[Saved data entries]
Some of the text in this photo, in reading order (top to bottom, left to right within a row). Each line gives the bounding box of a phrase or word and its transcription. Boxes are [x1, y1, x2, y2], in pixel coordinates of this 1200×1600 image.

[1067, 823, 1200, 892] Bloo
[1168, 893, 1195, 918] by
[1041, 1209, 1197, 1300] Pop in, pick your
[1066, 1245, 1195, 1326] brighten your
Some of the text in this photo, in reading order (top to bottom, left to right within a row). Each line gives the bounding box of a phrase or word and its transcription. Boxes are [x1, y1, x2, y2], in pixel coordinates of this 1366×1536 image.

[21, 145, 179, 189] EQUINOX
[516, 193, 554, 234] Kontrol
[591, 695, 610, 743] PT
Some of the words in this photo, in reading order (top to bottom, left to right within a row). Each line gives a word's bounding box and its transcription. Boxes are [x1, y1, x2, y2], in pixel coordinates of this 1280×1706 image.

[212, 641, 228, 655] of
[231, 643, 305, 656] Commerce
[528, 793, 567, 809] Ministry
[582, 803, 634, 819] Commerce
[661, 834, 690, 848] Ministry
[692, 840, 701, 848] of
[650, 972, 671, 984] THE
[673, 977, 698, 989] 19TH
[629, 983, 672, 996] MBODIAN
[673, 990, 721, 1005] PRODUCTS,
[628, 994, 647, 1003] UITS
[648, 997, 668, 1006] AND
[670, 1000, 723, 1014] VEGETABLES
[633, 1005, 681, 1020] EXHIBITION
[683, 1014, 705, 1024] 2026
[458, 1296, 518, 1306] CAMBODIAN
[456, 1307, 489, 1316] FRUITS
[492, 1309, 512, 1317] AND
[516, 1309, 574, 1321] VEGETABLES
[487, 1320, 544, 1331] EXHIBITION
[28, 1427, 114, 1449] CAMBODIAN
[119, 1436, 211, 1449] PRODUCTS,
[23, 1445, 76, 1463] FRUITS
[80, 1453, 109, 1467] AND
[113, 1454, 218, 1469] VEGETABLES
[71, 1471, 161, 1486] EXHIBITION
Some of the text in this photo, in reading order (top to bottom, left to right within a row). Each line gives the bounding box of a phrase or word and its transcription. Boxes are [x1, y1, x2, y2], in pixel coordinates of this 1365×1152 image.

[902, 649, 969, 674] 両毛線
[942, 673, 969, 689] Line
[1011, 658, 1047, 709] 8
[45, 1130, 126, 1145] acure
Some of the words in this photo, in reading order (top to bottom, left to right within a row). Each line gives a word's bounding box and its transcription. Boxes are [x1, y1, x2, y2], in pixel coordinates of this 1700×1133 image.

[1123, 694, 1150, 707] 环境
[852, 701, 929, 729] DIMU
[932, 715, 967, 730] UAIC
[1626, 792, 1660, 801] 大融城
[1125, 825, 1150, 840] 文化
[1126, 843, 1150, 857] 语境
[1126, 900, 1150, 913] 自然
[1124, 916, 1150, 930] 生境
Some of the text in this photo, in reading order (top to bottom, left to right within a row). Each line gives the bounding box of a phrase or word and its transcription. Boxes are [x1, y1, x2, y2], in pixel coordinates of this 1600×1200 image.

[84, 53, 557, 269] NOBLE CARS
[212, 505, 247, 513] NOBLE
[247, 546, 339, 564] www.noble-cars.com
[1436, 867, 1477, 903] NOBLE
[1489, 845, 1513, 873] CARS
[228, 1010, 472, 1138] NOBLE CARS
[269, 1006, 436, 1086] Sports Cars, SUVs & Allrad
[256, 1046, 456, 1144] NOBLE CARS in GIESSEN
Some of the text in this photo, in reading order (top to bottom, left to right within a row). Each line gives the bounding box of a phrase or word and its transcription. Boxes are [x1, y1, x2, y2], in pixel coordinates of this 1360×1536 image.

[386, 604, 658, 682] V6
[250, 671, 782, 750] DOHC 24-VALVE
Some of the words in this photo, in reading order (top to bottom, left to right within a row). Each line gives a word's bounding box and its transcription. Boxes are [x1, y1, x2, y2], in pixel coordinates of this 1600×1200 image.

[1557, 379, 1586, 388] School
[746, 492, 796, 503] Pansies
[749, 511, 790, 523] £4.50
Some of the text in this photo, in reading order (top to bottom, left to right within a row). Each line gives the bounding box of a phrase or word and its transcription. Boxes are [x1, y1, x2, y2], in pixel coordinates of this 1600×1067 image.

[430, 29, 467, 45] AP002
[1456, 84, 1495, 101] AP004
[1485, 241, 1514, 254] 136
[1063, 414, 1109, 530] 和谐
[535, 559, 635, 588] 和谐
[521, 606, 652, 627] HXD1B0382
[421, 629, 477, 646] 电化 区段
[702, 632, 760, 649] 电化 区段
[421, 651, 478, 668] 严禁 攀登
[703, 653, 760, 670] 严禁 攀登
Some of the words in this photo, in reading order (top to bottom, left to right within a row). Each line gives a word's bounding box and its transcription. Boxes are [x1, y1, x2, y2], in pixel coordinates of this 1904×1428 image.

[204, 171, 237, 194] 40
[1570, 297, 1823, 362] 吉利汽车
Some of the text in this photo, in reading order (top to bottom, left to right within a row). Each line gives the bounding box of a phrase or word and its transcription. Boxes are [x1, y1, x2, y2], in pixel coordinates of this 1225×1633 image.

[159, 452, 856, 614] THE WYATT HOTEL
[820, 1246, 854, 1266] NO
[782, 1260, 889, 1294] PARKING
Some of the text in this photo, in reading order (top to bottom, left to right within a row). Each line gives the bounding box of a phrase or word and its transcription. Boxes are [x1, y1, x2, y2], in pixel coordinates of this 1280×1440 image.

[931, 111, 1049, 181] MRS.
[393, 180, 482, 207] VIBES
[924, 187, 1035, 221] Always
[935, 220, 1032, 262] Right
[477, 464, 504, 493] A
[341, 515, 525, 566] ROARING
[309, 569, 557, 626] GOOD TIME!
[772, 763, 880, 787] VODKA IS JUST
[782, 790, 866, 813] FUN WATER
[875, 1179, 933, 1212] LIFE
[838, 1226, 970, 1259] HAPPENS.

• **WHAT YOU SHOULD DO**: Give every line above again, word for word.

• **REPLY**:
Some of the text in this photo, in reading order (top to bottom, left to right within a row). Each line gives the bounding box of a phrase or word and its transcription. Boxes are [x1, y1, x2, y2], in pixel coordinates of this 1200×1600 image.

[1067, 823, 1200, 892] Bloo
[1168, 893, 1195, 918] by
[1041, 1209, 1197, 1300] Pop in, pick your
[1066, 1245, 1195, 1326] brighten your
Some of the text in this photo, in reading order (top to bottom, left to right within a row). Each line gives the bounding box of a phrase or word and its transcription. Boxes are [x1, y1, x2, y2], in pixel coordinates of this 1366×1536 image.

[21, 145, 179, 189] EQUINOX
[516, 193, 554, 234] Kontrol
[591, 695, 610, 743] PT
Some of the words in this photo, in reading order (top to bottom, left to right within a row). Each line gives a word's bounding box and its transcription. Boxes are [x1, y1, x2, y2], in pixel coordinates of this 1280×1706 image.

[212, 641, 228, 655] of
[231, 643, 305, 656] Commerce
[528, 793, 567, 809] Ministry
[582, 803, 634, 819] Commerce
[661, 834, 690, 848] Ministry
[692, 840, 701, 848] of
[650, 972, 671, 984] THE
[673, 977, 698, 989] 19TH
[629, 983, 672, 996] MBODIAN
[673, 990, 721, 1005] PRODUCTS,
[628, 994, 647, 1003] UITS
[648, 997, 668, 1006] AND
[670, 1000, 723, 1014] VEGETABLES
[633, 1005, 681, 1020] EXHIBITION
[683, 1014, 705, 1024] 2026
[458, 1296, 518, 1306] CAMBODIAN
[456, 1307, 489, 1316] FRUITS
[492, 1309, 512, 1317] AND
[516, 1309, 574, 1321] VEGETABLES
[487, 1320, 544, 1331] EXHIBITION
[28, 1427, 114, 1449] CAMBODIAN
[119, 1436, 211, 1449] PRODUCTS,
[23, 1445, 76, 1463] FRUITS
[80, 1453, 109, 1467] AND
[113, 1454, 218, 1469] VEGETABLES
[71, 1471, 161, 1486] EXHIBITION
Some of the text in this photo, in reading order (top to bottom, left to right within a row). Each line gives the bounding box of a phrase or word and its transcription. Boxes are [x1, y1, x2, y2], in pixel coordinates of this 1365×1152 image.

[902, 649, 969, 674] 両毛線
[942, 673, 969, 689] Line
[1011, 658, 1047, 709] 8
[45, 1130, 126, 1145] acure
Some of the words in this photo, in reading order (top to bottom, left to right within a row). Each line gives a word's bounding box and its transcription. Boxes are [x1, y1, x2, y2], in pixel coordinates of this 1700×1133 image.

[1123, 694, 1150, 707] 环境
[852, 701, 929, 729] DIMU
[932, 715, 967, 730] UAIC
[1626, 792, 1660, 801] 大融城
[1125, 825, 1150, 840] 文化
[1126, 843, 1150, 857] 语境
[1126, 900, 1150, 913] 自然
[1124, 916, 1150, 930] 生境
Some of the text in this photo, in reading order (top to bottom, left to right within a row). Each line gives the bounding box of a phrase or word and its transcription. Boxes are [x1, y1, x2, y2], in pixel coordinates of this 1600×1200 image.

[84, 53, 557, 269] NOBLE CARS
[212, 505, 247, 513] NOBLE
[247, 546, 339, 564] www.noble-cars.com
[1436, 867, 1477, 903] NOBLE
[1489, 845, 1513, 873] CARS
[228, 1010, 472, 1138] NOBLE CARS
[269, 1006, 436, 1086] Sports Cars, SUVs & Allrad
[256, 1046, 456, 1144] NOBLE CARS in GIESSEN
Some of the text in this photo, in reading order (top to bottom, left to right within a row). Each line gives the bounding box of a phrase or word and its transcription. Boxes are [x1, y1, x2, y2], in pixel coordinates of this 1360×1536 image.

[386, 604, 658, 682] V6
[250, 671, 782, 750] DOHC 24-VALVE
Some of the words in this photo, in reading order (top to bottom, left to right within a row). Each line gives a word's bounding box and its transcription. Boxes are [x1, y1, x2, y2], in pixel coordinates of this 1600×1200 image.

[1557, 379, 1586, 388] School
[746, 492, 796, 503] Pansies
[749, 511, 790, 523] £4.50
Some of the text in this photo, in reading order (top to bottom, left to right within a row). Each line gives the bounding box of a phrase or word and its transcription. Boxes are [x1, y1, x2, y2], in pixel coordinates of this 1600×1067 image.

[430, 29, 467, 45] AP002
[1456, 84, 1495, 101] AP004
[1485, 241, 1514, 254] 136
[1063, 414, 1109, 530] 和谐
[535, 559, 635, 588] 和谐
[521, 606, 652, 627] HXD1B0382
[421, 629, 477, 646] 电化 区段
[702, 632, 760, 649] 电化 区段
[421, 651, 478, 668] 严禁 攀登
[703, 653, 760, 670] 严禁 攀登
Some of the words in this photo, in reading order (top to bottom, left to right within a row). Each line gives a word's bounding box and its transcription. Boxes are [x1, y1, x2, y2], in pixel coordinates of this 1904×1428 image.

[204, 171, 237, 194] 40
[1570, 297, 1823, 362] 吉利汽车
Some of the text in this photo, in reading order (top to bottom, left to right within a row). Each line gives the bounding box of a phrase or word and its transcription. Boxes are [x1, y1, x2, y2], in pixel coordinates of this 1225×1633 image.

[159, 452, 856, 614] THE WYATT HOTEL
[820, 1246, 854, 1266] NO
[782, 1260, 889, 1294] PARKING
Some of the text in this photo, in reading order (top to bottom, left to right within a row). Each line gives the bounding box of a phrase or word and its transcription. Boxes are [x1, y1, x2, y2], in pixel coordinates of this 1280×1440 image.

[931, 111, 1049, 181] MRS.
[393, 180, 482, 207] VIBES
[924, 187, 1035, 221] Always
[935, 220, 1032, 262] Right
[477, 464, 504, 493] A
[341, 515, 525, 566] ROARING
[309, 569, 557, 626] GOOD TIME!
[772, 763, 880, 787] VODKA IS JUST
[782, 790, 866, 813] FUN WATER
[875, 1179, 933, 1212] LIFE
[838, 1226, 970, 1259] HAPPENS.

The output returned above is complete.